In summary, nanoparticles must evolve toward greater selectivity and responsiveness, combining multiple therapeutic mechanisms while enabling real-time monitoring of treatment outcomes. By integrating nanotechnology with pharmacogenomics and inflammatory biomarkers, there is potential to achieve personalized and more effective therapies for patients with treatment-resistant depression. This path represents not only a technological innovation but also a paradigm shift in microglial modulation as a clinical strategy against MDD.

9. Conclusions

MDD remains a major global health challenge, largely due to the multifactorial nature of its pathophysiology and the limited efficacy of current pharmacological treatments. Emerging evidence strongly supports the role of microglial activation and neuroinflammation as key drivers of treatment resistance, highlighting the need for therapeutic strategies that go beyond monoaminergic modulation. Nanotechnology offers a unique opportunity to address these challenges by enabling targeted drug delivery, controlled release, and co-delivery of multimodal agents capable of modulating microglial function and in-flammatory signaling pathways.

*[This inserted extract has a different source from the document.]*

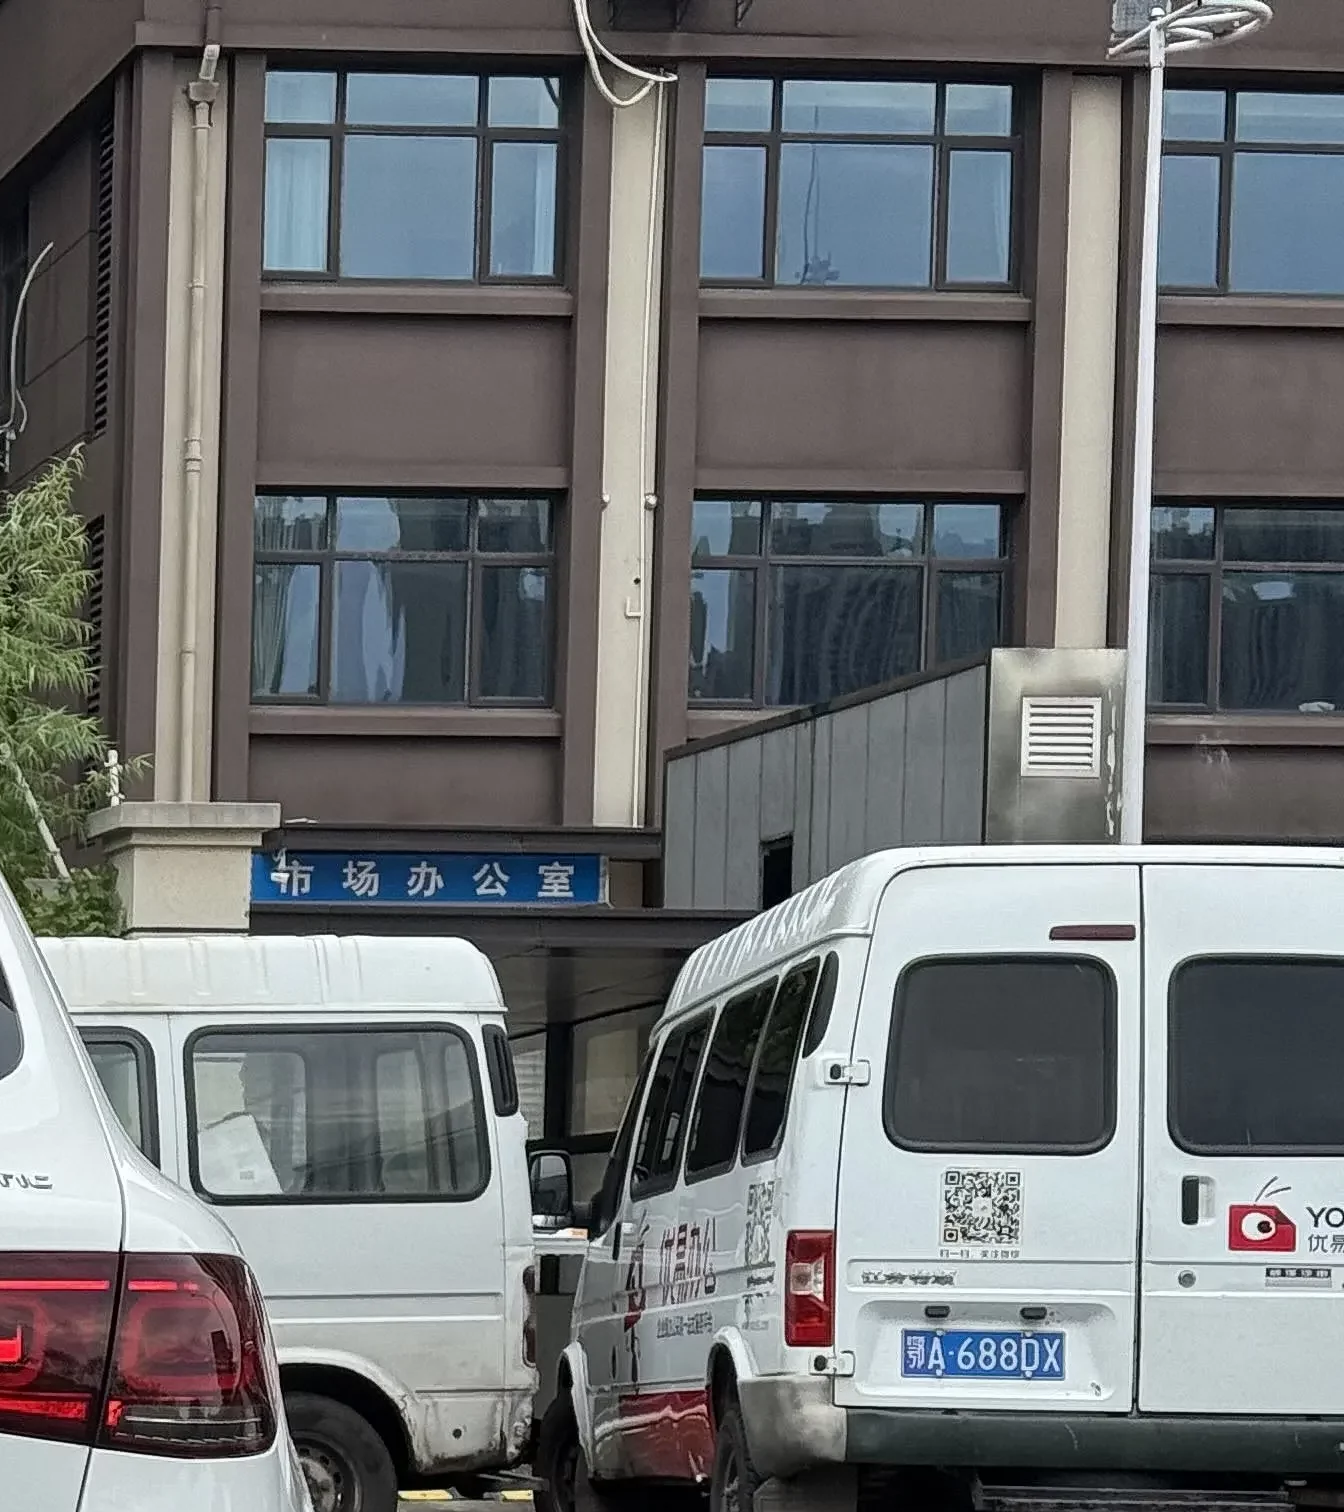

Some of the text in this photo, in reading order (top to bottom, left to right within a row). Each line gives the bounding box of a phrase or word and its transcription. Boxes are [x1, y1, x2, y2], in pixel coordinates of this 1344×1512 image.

[279, 860, 576, 897] 市场办公室

Preclinical studies have shown that nanocarriers can improve antidepressant bioavailability, enhance brain penetration, and promote neuroprotective effects through antioxidant and anti-inflammatory actions. While clinical translation remains in its early stages, the integration of nanotechnology with precision medicine approaches holds promise for the development of next-generation therapies for depression. Targeting microglia via nanotechnology emerges as a cutting-edge strategy with the potential to transform the therapeutic landscape of MDD, offering more effective and personalized interventions.